[[ Material provided, beginning ]]

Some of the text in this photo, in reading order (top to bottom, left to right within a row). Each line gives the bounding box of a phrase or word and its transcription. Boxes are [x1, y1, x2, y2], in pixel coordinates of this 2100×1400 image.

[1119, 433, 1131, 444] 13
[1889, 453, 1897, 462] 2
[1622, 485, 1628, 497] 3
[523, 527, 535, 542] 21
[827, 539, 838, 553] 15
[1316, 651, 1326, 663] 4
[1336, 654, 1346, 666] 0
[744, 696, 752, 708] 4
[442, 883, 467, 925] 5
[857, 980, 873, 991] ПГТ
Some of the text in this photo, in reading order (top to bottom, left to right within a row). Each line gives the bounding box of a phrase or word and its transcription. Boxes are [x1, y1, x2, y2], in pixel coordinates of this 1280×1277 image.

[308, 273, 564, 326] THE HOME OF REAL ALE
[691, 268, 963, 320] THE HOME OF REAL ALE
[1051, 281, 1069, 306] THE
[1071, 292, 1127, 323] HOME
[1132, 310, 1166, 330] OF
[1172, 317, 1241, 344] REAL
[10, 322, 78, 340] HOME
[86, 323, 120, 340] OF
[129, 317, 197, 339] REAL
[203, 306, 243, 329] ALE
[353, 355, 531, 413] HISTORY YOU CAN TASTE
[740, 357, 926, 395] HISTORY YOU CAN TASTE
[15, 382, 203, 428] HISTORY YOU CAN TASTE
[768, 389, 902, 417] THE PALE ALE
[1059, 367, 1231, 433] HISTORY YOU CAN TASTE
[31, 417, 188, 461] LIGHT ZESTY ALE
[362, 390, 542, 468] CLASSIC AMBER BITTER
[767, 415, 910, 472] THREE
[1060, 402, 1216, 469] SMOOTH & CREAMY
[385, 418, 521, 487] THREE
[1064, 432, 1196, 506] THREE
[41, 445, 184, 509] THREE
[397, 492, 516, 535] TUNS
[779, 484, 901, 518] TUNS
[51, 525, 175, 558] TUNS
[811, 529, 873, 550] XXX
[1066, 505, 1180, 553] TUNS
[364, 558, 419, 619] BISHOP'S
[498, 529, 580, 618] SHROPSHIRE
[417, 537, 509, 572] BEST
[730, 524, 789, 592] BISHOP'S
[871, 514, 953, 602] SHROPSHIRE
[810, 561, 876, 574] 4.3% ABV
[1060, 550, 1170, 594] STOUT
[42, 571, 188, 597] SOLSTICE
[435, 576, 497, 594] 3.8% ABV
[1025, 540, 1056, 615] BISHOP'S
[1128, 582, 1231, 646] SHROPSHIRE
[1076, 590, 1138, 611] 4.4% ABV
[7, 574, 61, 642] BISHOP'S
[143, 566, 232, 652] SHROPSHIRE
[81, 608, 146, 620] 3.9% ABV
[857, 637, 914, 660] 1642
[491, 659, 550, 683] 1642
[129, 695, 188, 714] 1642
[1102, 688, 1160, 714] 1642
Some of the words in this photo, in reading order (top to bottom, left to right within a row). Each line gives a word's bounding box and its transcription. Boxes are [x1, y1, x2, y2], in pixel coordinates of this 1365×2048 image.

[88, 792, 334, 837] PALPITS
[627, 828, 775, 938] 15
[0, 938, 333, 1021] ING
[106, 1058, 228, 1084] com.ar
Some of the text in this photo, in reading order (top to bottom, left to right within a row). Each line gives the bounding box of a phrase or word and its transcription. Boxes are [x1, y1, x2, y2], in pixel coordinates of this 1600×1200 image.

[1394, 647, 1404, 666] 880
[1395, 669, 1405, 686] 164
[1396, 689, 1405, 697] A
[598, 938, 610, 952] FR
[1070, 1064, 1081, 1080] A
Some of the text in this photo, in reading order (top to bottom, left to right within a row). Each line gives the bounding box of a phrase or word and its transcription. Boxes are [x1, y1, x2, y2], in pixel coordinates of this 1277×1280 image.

[[ Material provided, end ]]

→ **Assignment**
Letter for letter, copy all of the entries above.

→ **Solution below**
Some of the text in this photo, in reading order (top to bottom, left to right within a row). Each line gives the bounding box of a phrase or word and its transcription. Boxes are [x1, y1, x2, y2], in pixel coordinates of this 2100×1400 image.

[1119, 433, 1131, 444] 13
[1889, 453, 1897, 462] 2
[1622, 485, 1628, 497] 3
[523, 527, 535, 542] 21
[827, 539, 838, 553] 15
[1316, 651, 1326, 663] 4
[1336, 654, 1346, 666] 0
[744, 696, 752, 708] 4
[442, 883, 467, 925] 5
[857, 980, 873, 991] ПГТ
Some of the text in this photo, in reading order (top to bottom, left to right within a row). Each line gives the bounding box of a phrase or word and its transcription. Boxes are [x1, y1, x2, y2], in pixel coordinates of this 1280×1277 image.

[308, 273, 564, 326] THE HOME OF REAL ALE
[691, 268, 963, 320] THE HOME OF REAL ALE
[1051, 281, 1069, 306] THE
[1071, 292, 1127, 323] HOME
[1132, 310, 1166, 330] OF
[1172, 317, 1241, 344] REAL
[10, 322, 78, 340] HOME
[86, 323, 120, 340] OF
[129, 317, 197, 339] REAL
[203, 306, 243, 329] ALE
[353, 355, 531, 413] HISTORY YOU CAN TASTE
[740, 357, 926, 395] HISTORY YOU CAN TASTE
[15, 382, 203, 428] HISTORY YOU CAN TASTE
[768, 389, 902, 417] THE PALE ALE
[1059, 367, 1231, 433] HISTORY YOU CAN TASTE
[31, 417, 188, 461] LIGHT ZESTY ALE
[362, 390, 542, 468] CLASSIC AMBER BITTER
[767, 415, 910, 472] THREE
[1060, 402, 1216, 469] SMOOTH & CREAMY
[385, 418, 521, 487] THREE
[1064, 432, 1196, 506] THREE
[41, 445, 184, 509] THREE
[397, 492, 516, 535] TUNS
[779, 484, 901, 518] TUNS
[51, 525, 175, 558] TUNS
[811, 529, 873, 550] XXX
[1066, 505, 1180, 553] TUNS
[364, 558, 419, 619] BISHOP'S
[498, 529, 580, 618] SHROPSHIRE
[417, 537, 509, 572] BEST
[730, 524, 789, 592] BISHOP'S
[871, 514, 953, 602] SHROPSHIRE
[810, 561, 876, 574] 4.3% ABV
[1060, 550, 1170, 594] STOUT
[42, 571, 188, 597] SOLSTICE
[435, 576, 497, 594] 3.8% ABV
[1025, 540, 1056, 615] BISHOP'S
[1128, 582, 1231, 646] SHROPSHIRE
[1076, 590, 1138, 611] 4.4% ABV
[7, 574, 61, 642] BISHOP'S
[143, 566, 232, 652] SHROPSHIRE
[81, 608, 146, 620] 3.9% ABV
[857, 637, 914, 660] 1642
[491, 659, 550, 683] 1642
[129, 695, 188, 714] 1642
[1102, 688, 1160, 714] 1642
Some of the words in this photo, in reading order (top to bottom, left to right within a row). Each line gives a word's bounding box and its transcription. Boxes are [x1, y1, x2, y2], in pixel coordinates of this 1365×2048 image.

[88, 792, 334, 837] PALPITS
[627, 828, 775, 938] 15
[0, 938, 333, 1021] ING
[106, 1058, 228, 1084] com.ar
Some of the text in this photo, in reading order (top to bottom, left to right within a row). Each line gives the bounding box of a phrase or word and its transcription. Boxes are [x1, y1, x2, y2], in pixel coordinates of this 1600×1200 image.

[1394, 647, 1404, 666] 880
[1395, 669, 1405, 686] 164
[1396, 689, 1405, 697] A
[598, 938, 610, 952] FR
[1070, 1064, 1081, 1080] A
Some of the text in this photo, in reading order (top to bottom, left to right within a row). Each line gives the bounding box of a phrase or word and its transcription. Boxes are [x1, y1, x2, y2], in pixel coordinates of this 1277×1280 image.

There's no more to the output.